Hypoxia-induced suppression of alternative splicing of MBD2 promotes breast cancer metastasis via activation of FZD1

Metastasis is responsible for the majority of breast cancer (BrCa) deaths; however, the mechanisms underlying metastasis in this disease remain largely elusive. Here we report that under hypoxic conditions, alternative splicing of MBD2 is suppressed, favoring the production of MBD2a which facilitates BrCa metastasis. Specifically, MBD2a promoted, whereas its lesser known short form MBD2c suppressed metastasis. Activation of HIF-1 under hypoxia facilitated MBD2a production via repression of SRSF2-mediated alternative splicing. As a result, elevated MBD2a outcompeted MBD2c for binding to promoter CpG islands to activate expression of FZD1, thereby promoting EMT and metastasis.
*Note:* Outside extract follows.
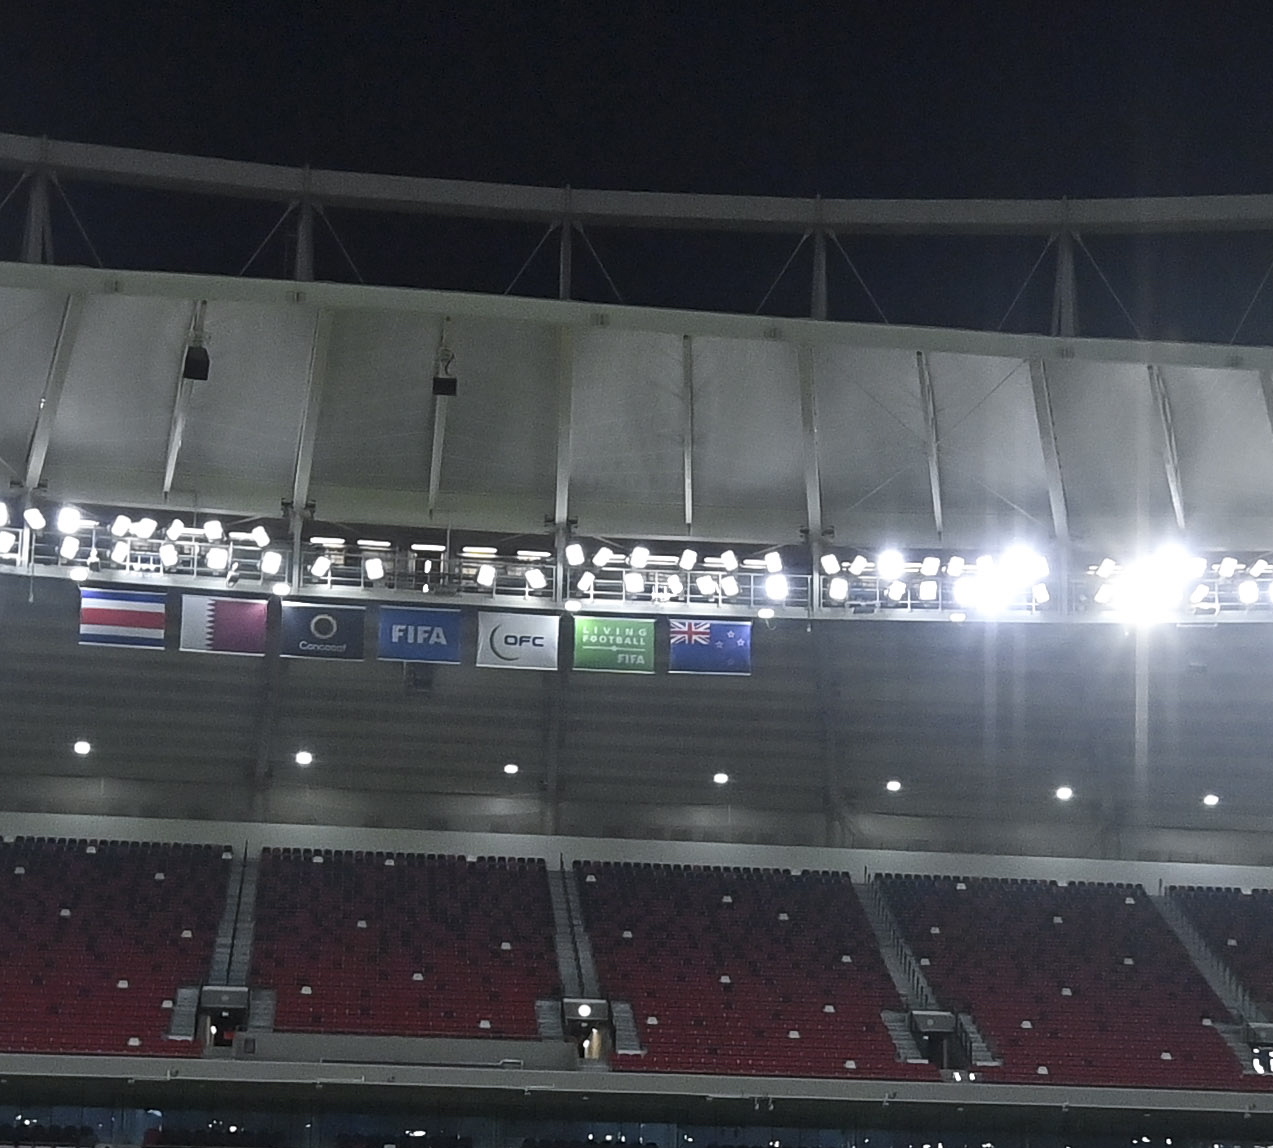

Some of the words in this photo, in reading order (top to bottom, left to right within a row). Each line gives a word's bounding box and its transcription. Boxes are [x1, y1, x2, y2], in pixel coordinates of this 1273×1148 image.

Strikingly, clinical data reveals significantly correlated expression of MBD2a and MBD2c with the invasiveness of malignancy, indicating opposing roles for MBD2 splicing variants in regulating human BrCa metastasis. Collectively, our findings establish a novel link between MBD2 switching and tumor metastasis and provide a promising therapeutic strategy and predictive biomarkers for hypoxia-driven BrCa metastasis.